Note the phrase 我們來一起唱. The 來 isn't really rendered directly in English, but it matters a great deal in Chinese. This is one of the things I had a very hard time learning in college, and it wasn't until I was immersed in the language that it began to make sense. Finally, the last sentence has the kind of ending that we have seen in many of our texts. It conveys closure in a question. Although "what do you say to that?" feels a little more colloquial than I want, I didn't feel that any of the more formal phrasings worked. It could have been "what do you think of that?," but I was intent on conveying the theme I see in the text—it is soliloquy tinged with dialogic beckoning. Sort of.
Language Notes
O.k., where do we start? How about with 鳥兒? Ah, the Beijing 兒—what would we do without ye? I started Chinese at the University of British Columbia (two separate summers), and my instructor was fiercely northern in pronunciation, bearing, and cuisine. I learned to roll the 兒s right off my tongue whenever I thought to say "dog" (狗兒), "bird" (鳥兒), "little precious"—aka "baby" (寶寶兒). The first time the 兒 ever left my lips in the midst of social intercourse, the various listeners fell silent. No one spoke. Then one struggled to suppress a smile. Another started to cover her face in a cultural prophylactic against open-mouthed laughter. I sensed where this was going when someone snorted. One more pause...and the whole room burst out laughing.You see, southerners aren't much for affections of the 兒. Many find it hilariously funny.
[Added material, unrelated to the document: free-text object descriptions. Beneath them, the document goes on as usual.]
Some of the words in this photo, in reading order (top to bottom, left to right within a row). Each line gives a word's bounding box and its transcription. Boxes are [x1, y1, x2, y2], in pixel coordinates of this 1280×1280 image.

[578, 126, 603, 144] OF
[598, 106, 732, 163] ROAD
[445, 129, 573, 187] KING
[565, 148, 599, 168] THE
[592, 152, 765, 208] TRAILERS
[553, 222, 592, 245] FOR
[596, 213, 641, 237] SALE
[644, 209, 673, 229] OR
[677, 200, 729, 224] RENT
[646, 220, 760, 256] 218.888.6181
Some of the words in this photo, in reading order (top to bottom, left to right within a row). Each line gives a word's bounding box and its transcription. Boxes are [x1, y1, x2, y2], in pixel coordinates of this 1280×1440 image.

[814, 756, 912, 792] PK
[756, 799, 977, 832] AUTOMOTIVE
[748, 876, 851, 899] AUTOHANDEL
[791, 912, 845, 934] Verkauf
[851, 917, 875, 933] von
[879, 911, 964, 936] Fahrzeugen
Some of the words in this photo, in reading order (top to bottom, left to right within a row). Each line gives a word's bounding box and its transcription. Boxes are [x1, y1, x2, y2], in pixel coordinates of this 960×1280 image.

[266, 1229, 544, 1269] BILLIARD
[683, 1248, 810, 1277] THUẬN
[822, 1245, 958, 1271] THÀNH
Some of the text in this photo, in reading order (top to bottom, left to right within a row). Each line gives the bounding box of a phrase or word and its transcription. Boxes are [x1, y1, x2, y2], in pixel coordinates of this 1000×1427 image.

The only people who aren't laughing are parents whose children have to work their way through the Ministry of Education textbooks. They know it will be on the test, and little junior needs to study. Even after sixty years of centralized education on the island, though, almost no one employs this linguistic additive from another region far away. Except in school.
Finally, take a close look at the way 的 is used here. Just do it. It's a discussion for another day, but just take a look now. Yes, I am trying to build a little suspense—a kind of 的tective story that will say much about primary education in Taiwan. Later.
[f] Dexterity RF |
Speaking to the use of 兒, when we went through this lesson in first grade, we didn't learn that it was supposed to be rolled into the previous syllable. 鳥兒 was “niao er" to us, which seemed totally alien since none of us talked that way. Took me until college, I think, to learn that it was supposed to be slurred.
ReplyDeleteYes, I pronounced it niao....er for a long time, thinking that somehow I was being more accurate. I should have thought more about language and culture, but was caught up in my perception of language "rules" at the time!